Scioli: ¿¡¡Alma de reptil…!!?

Breve historia de Carlitos Menem y sus amoríos

Sin dudas que uno de los políticos que ha quedado en la picota, entre muchos, del juzgamiento del colectivo social es Daniel Scioli. Tal vez aún no se conozca todos los perfiles de su personalidad y mucho menos de los logros económicos personales, alcanzados desde los distintos cargos conque lo “premiaron”. Que se asegura, no son pocos. Desde fastuosos hoteles en Italia, hasta otros inmuebles de inmenso valor económico. No obstante, su múltiple personalidad, engaña. Siempre se lo ve “feliz”, escondiendo sus miserias conceptuales.
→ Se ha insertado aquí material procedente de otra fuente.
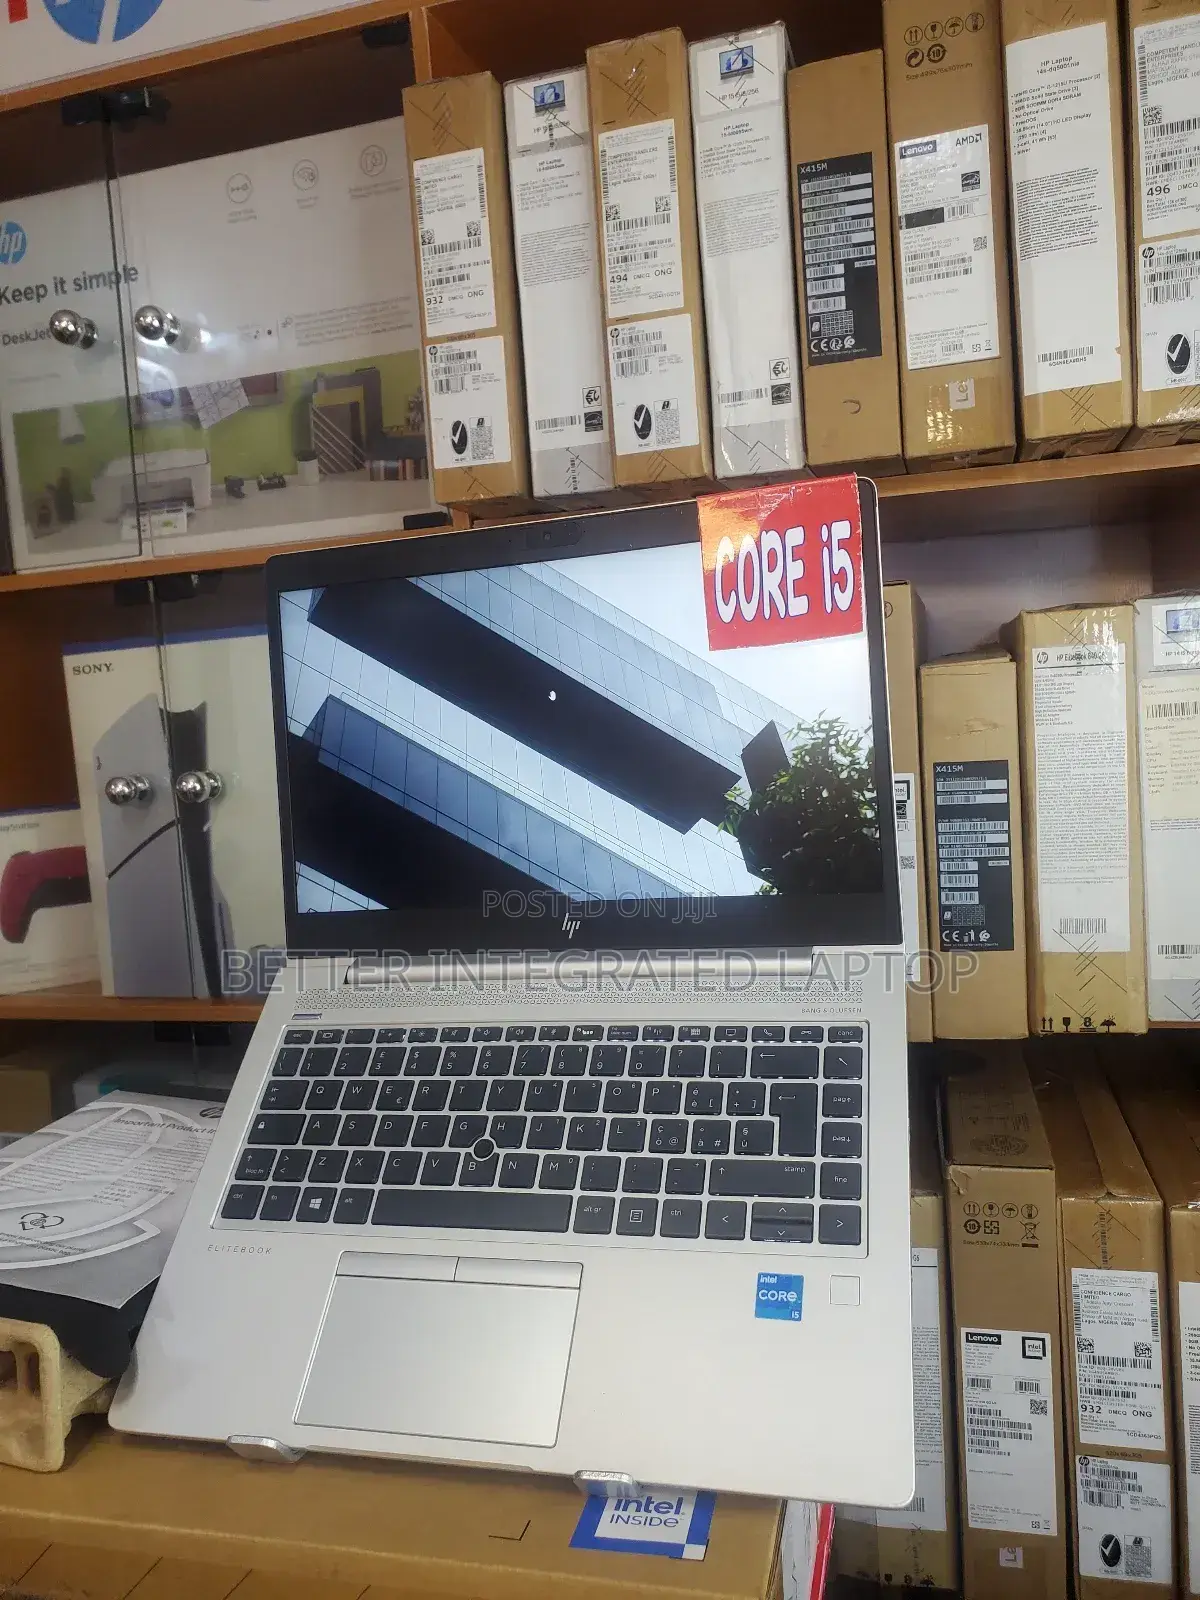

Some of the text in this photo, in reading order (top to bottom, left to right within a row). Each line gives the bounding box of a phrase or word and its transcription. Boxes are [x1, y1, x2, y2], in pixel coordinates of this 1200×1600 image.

[1146, 46, 1179, 58] COMPETENT
[1051, 56, 1073, 65] Laptop
[1073, 112, 1092, 121] Display
[955, 135, 975, 147] AMD
[902, 143, 934, 156] Lenovo
[800, 162, 828, 174] X415M
[1147, 181, 1199, 197] 496 DMCQ
[610, 273, 628, 284] 494
[654, 267, 673, 277] ONG
[0, 264, 139, 306] Keep it simple
[426, 296, 443, 306] 932
[468, 289, 485, 298] ONG
[2, 328, 51, 346] DeskJet
[714, 519, 855, 624] CORE i5
[72, 662, 112, 676] SONY
[935, 764, 963, 773] X415M
[113, 1117, 166, 1129] Important
[166, 1123, 204, 1134] Product
[784, 1166, 806, 1174] stamp
[207, 1244, 272, 1255] ELITEBOOK
[760, 1275, 777, 1283] intel
[967, 1333, 999, 1343] Lenovo
[1080, 1403, 1102, 1414] 932
[1132, 1409, 1153, 1418] ONG
[613, 1496, 686, 1515] intel
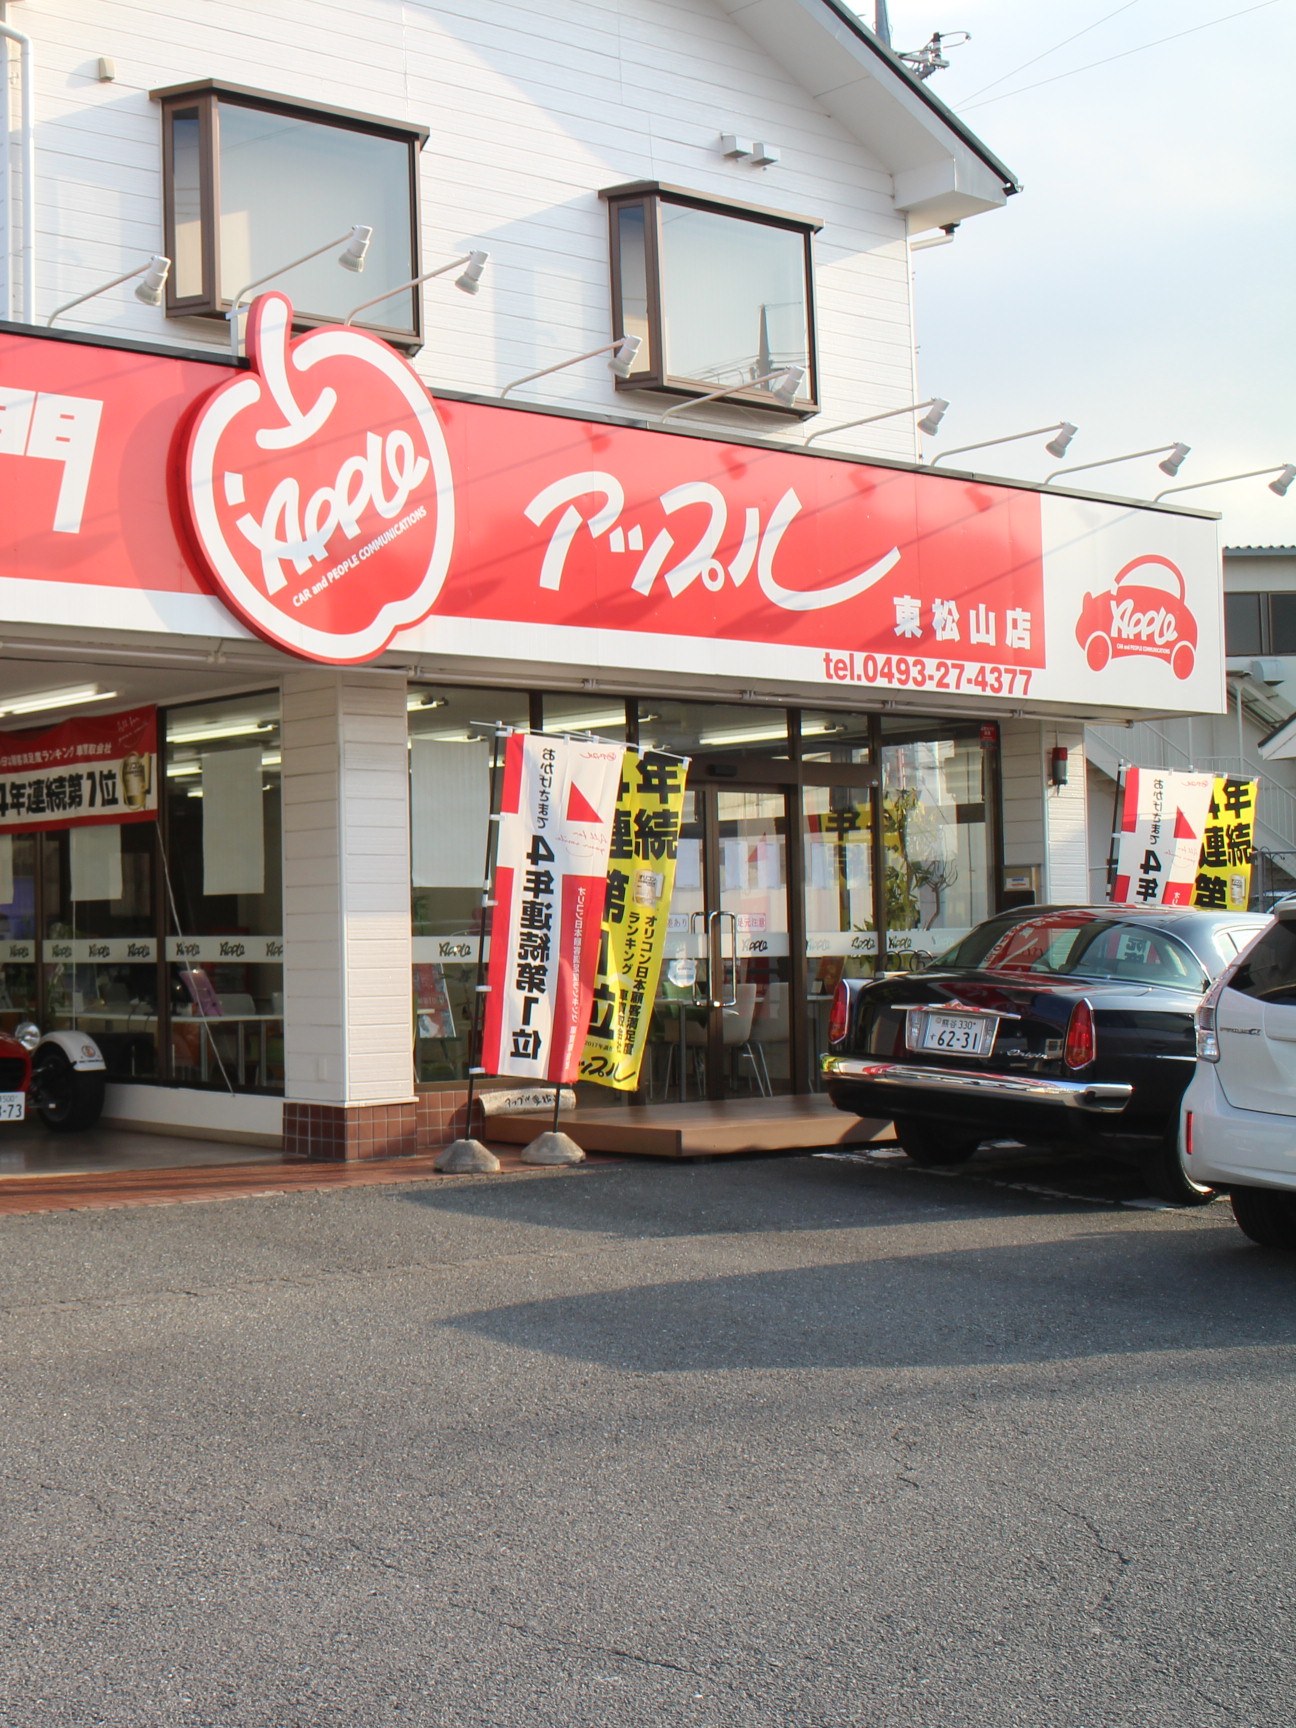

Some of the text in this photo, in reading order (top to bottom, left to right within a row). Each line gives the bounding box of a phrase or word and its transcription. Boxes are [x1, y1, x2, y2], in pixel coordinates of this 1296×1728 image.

[234, 430, 430, 597] Apple
[292, 505, 427, 607] CAR and PEOPLE COMMUNICATIONS
[524, 471, 902, 612] アップル
[893, 595, 1032, 650] 東松山店
[1110, 598, 1179, 646] Apple
[823, 652, 1033, 696] tel.0493-27-4377
[621, 912, 641, 975] ランキング
[937, 1030, 978, 1050] 62-31
[958, 1020, 973, 1030] 330
Circunstancialmente, en una fiesta familiar, tuve una conversación en nuestra ciudad con un conocido deportista internacional R.Z. (Se resguarda su nombre ya que no se le pidió autorización para para esta narrativa). Recorrió las pistas más relevantes del mundo sobre dos ruedas. Más tarde, acompañaría a Carlitos Menem en gran parte de su actividad “fierrera”. El mismo pinta de cuerpo entero a este hombre de múltiple moral.

Por: Miguel Andreis

Fue en los primeros años del 2000

El cumpleaños de una compañera de trabajo se decidió festejarlo en una quinta en la salida de la villa por la ruta 9. Detrás de la Usina de EPEC. Preguntaron si no había problemas que también viniese R.Z, otrora famoso corredor de motos en el orden internacional, posteriormente y por varios años siguió compitiendo exitosamente sobre las cuatro ruedas. El nombrado tenía algún acercamiento con la cumpleañera.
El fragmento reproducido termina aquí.